Presidente da Tunísia refuta qualquer antissemitismo estatal após ataque em Djerba

Presidente da Tunísia refuta qualquer antissemitismo estatal após ataque em Djerba

O presidente da Tunísia, Kais Saied, refutou hoje quaisquer alegações de antissemitismo estatal na Tunísia, após um tiroteio que provocou mortes no exterior de uma sinagoga na ilha de Djerba.

Lusa /

O ataque ocorreu na noite de terça-feira, enquanto centenas de fiéis completavam a peregrinação judaica anual à sinagoga Ghriba, a mais antiga da África, segundo a AFP.

Três polícias e dois fiéis -- um israelo-tunisino e um franco-tunisino - foram mortos a tiros pelo agressor, antes deste ser morto a tiros pela polícia.

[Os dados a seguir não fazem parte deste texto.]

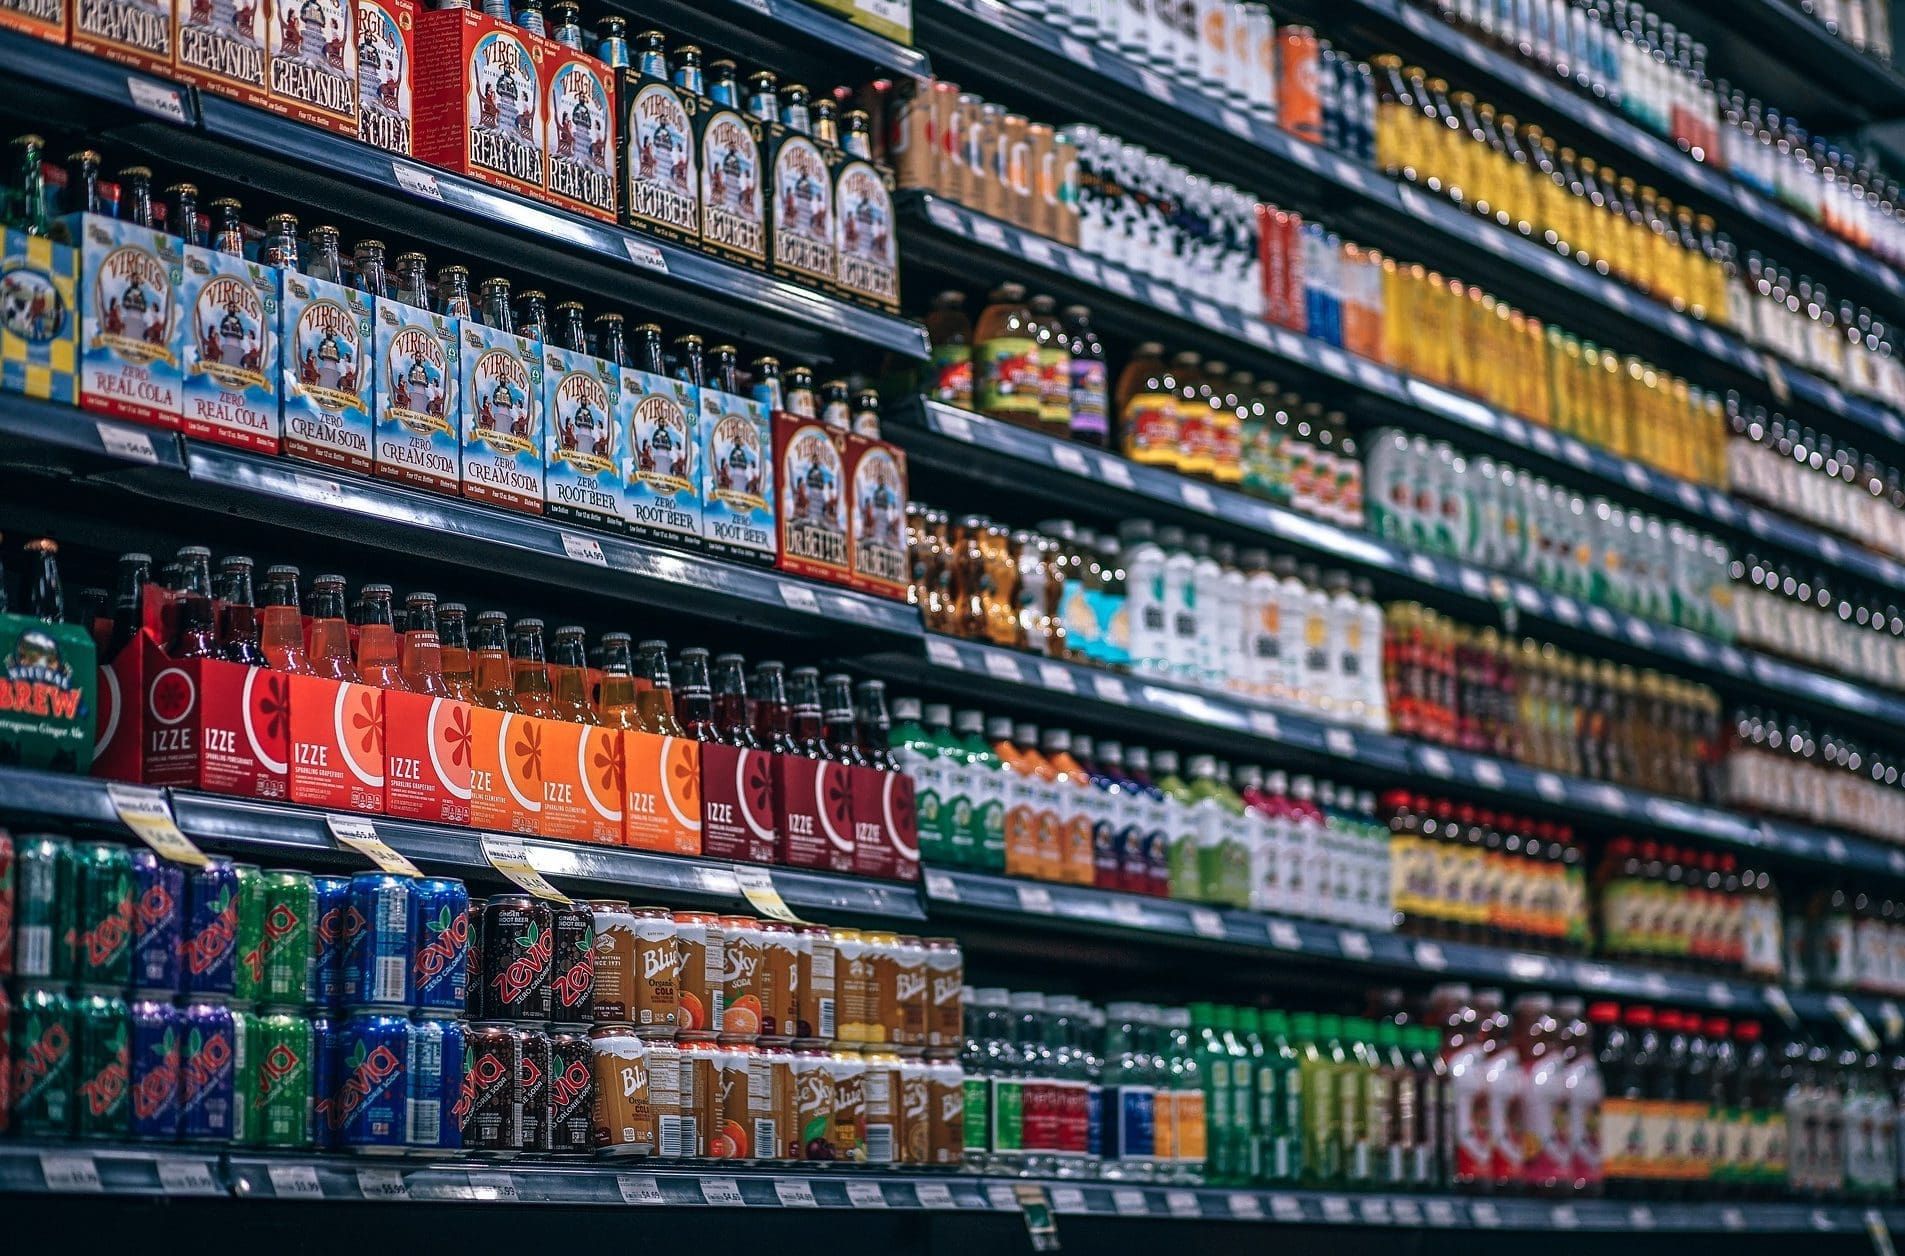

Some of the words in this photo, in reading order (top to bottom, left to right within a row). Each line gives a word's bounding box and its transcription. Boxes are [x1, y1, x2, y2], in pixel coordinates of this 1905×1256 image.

As autoridades tunisinas denunciaram um ataque "criminoso", mas abstiveram-se de qualificá-lo como "terrorista" ou dar-lhe uma dimensão antissemita.

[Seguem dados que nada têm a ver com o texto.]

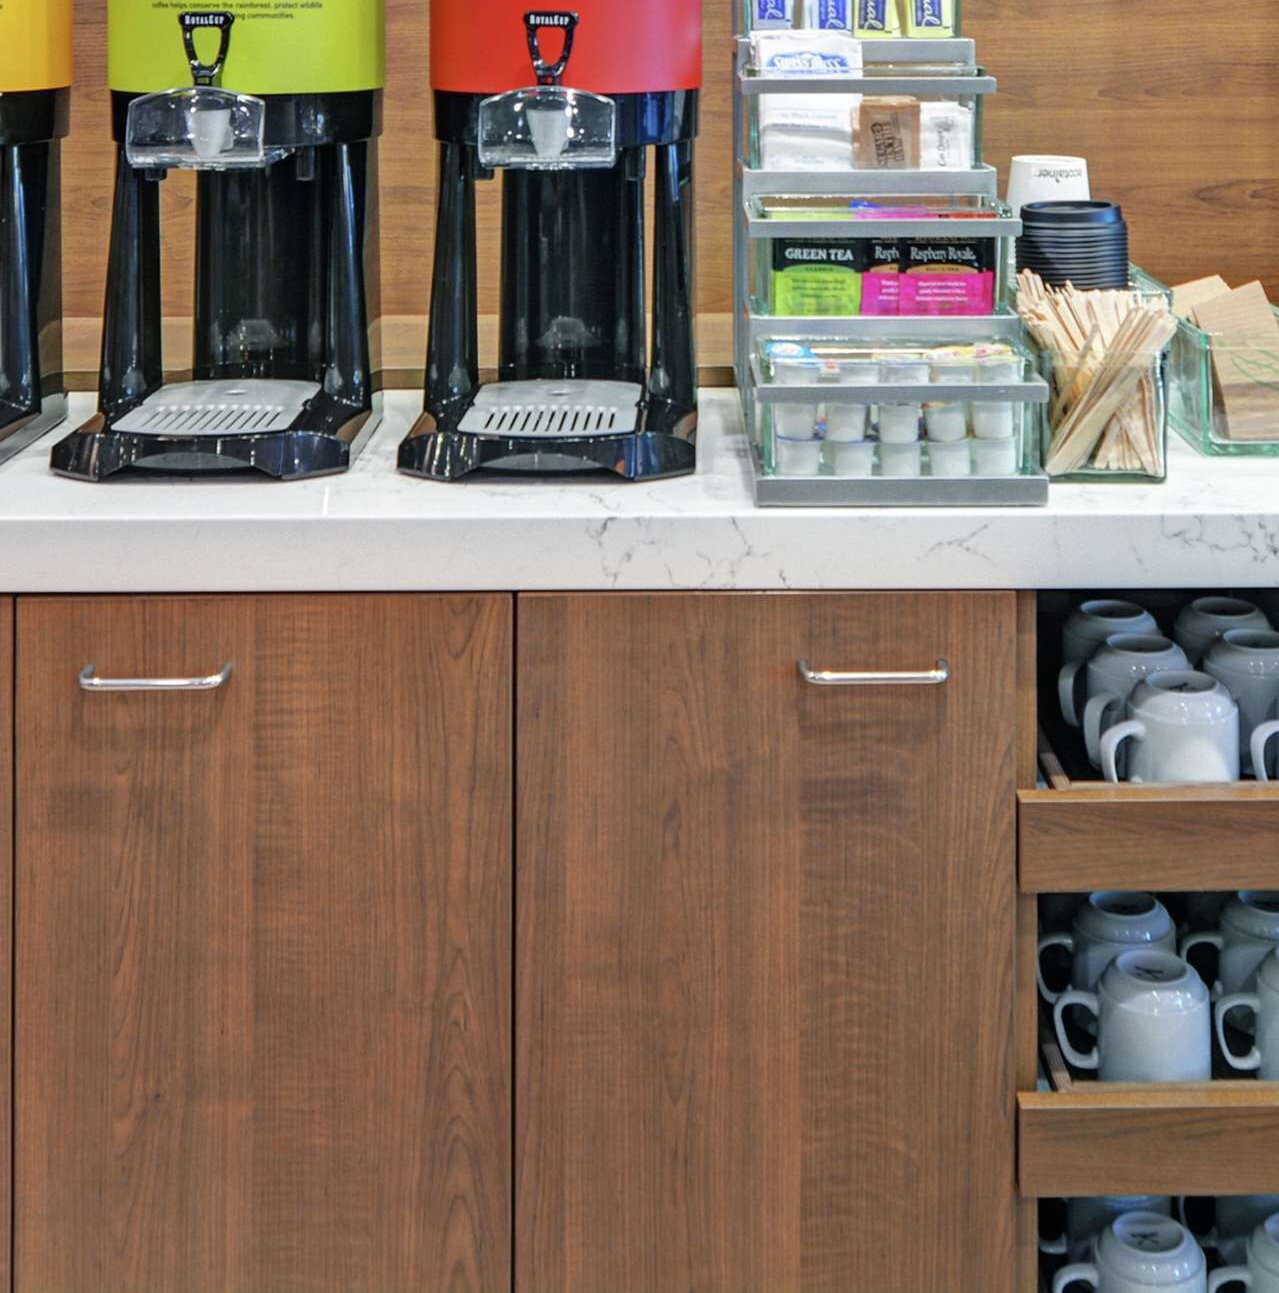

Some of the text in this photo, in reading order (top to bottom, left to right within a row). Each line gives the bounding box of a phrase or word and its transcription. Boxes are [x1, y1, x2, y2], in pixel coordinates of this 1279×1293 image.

[170, 2, 187, 10] helps
[188, 2, 220, 10] conserve
[221, 2, 234, 10] the
[274, 2, 298, 10] protect
[784, 247, 854, 261] GREEN TEA

Contudo, em França, a Procuradoria Nacional Anti-terrorista devido à nacionalidade francesa de uma das vítimas, abriu na quarta-feira "uma investigação".

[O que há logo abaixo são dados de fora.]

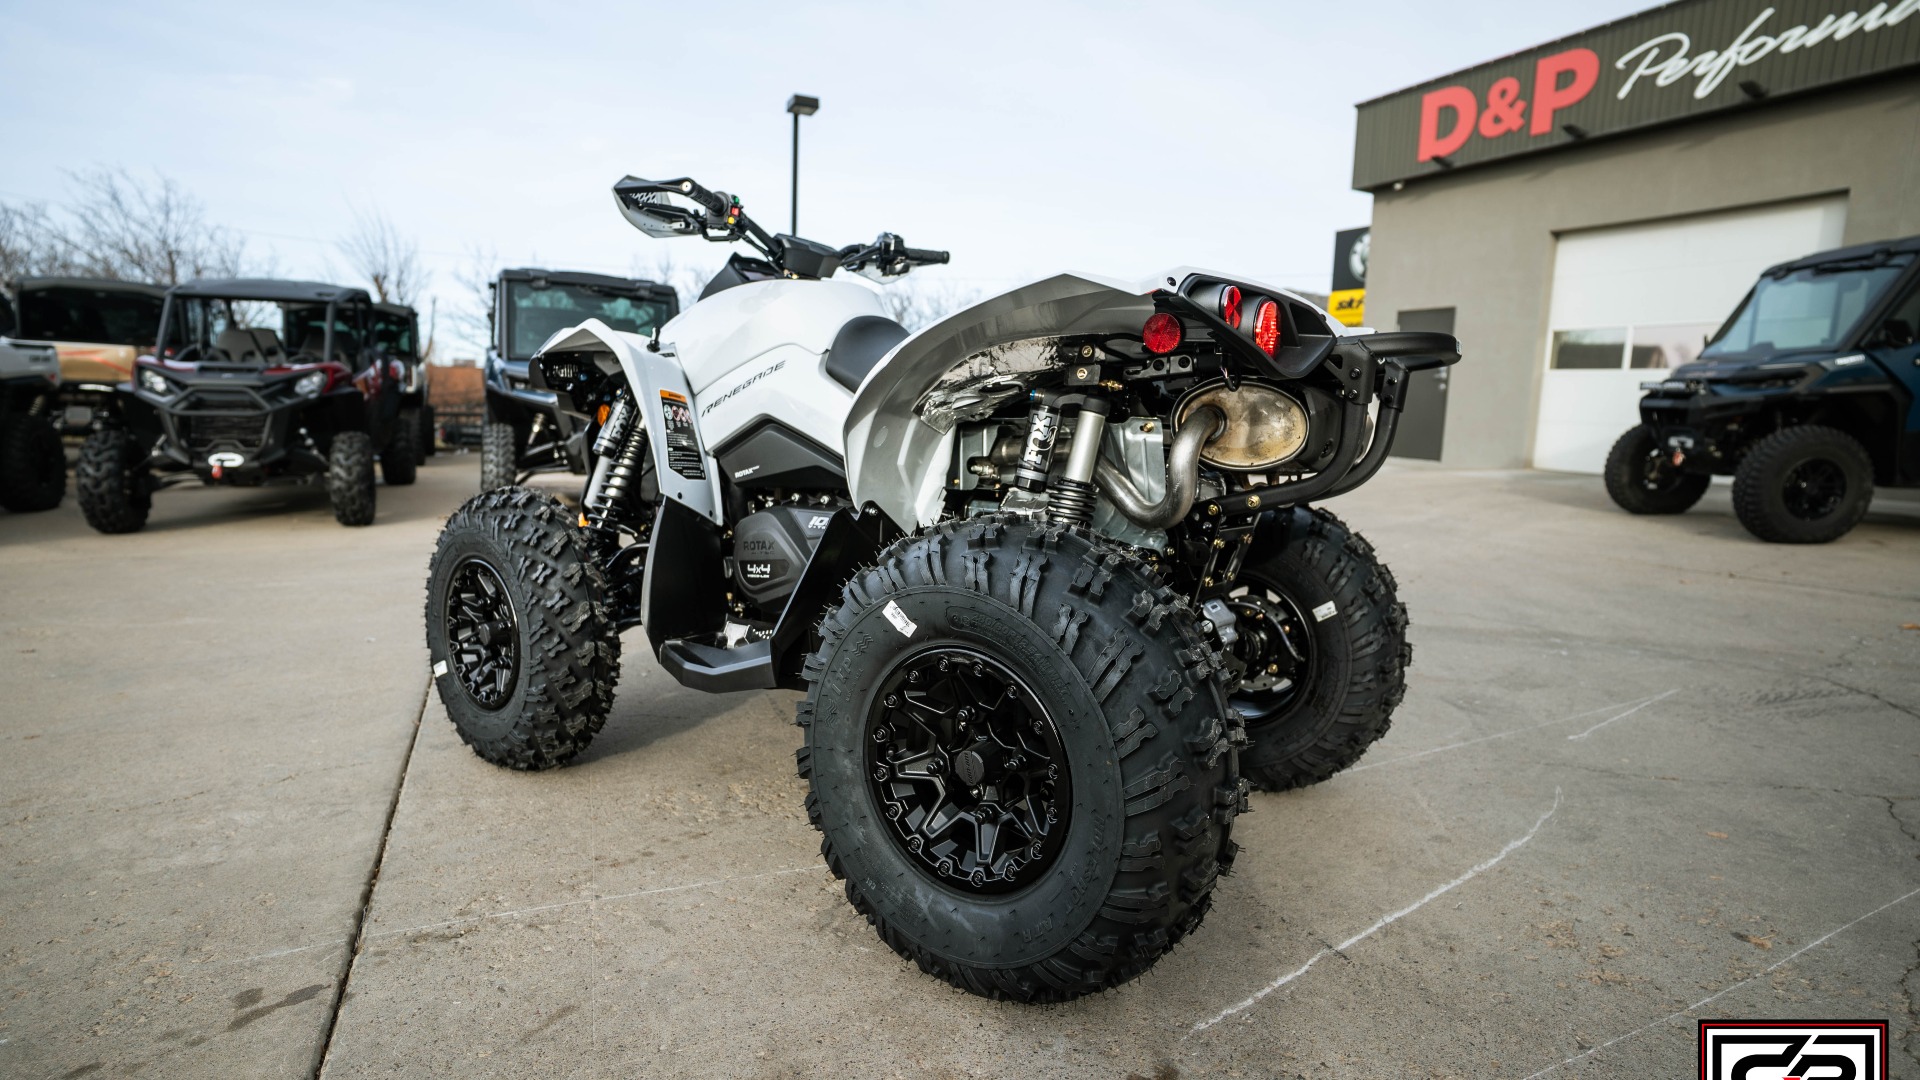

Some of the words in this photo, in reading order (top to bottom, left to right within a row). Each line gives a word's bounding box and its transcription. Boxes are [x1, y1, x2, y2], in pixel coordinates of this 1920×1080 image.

[1417, 48, 1600, 163] D&P
[701, 360, 786, 417] RENEGADE
[610, 405, 630, 440] FOX
[1023, 413, 1057, 465] FOX
[734, 467, 754, 479] ROTAX
[743, 541, 775, 551] ROTAX
[747, 564, 771, 574] 4x4

"Sempre, implacavelmente, lutaremos contra o ódio antissemita", disse o presidente francês Emmanuel Macron, condenando o ataque, numa mensagem postada no Twitter.

"Estamos ao lado da Tunísia para continuar a luta contra o antissemitismo e todas as formas de fanatismo", disse a porta-voz do Ministério das Relações Externas Anne-Claire Legendre.

Discutindo o ataque durante uma reunião com o chefe de governo Najla Bouden e vários ministros, Saied reiterou que a Tunísia "permanecerá segura apesar das tentativas desesperadas de minar a sua estabilidade", segundo um comunicado da presidência.

Agradeceu ainda aos Estados que "expressaram solidariedade" com o país após o ataque, ao mesmo tempo em que rejeitou "qualquer interferência estrangeira porque a soberania da Tunísia e o povo são linhas vermelhas que não podem ser cruzadas".

Todavia, "expressou o espanto com as reações que envolvem acusações de antissemitismo contra a Tunísia", sem especificar ao que se referia.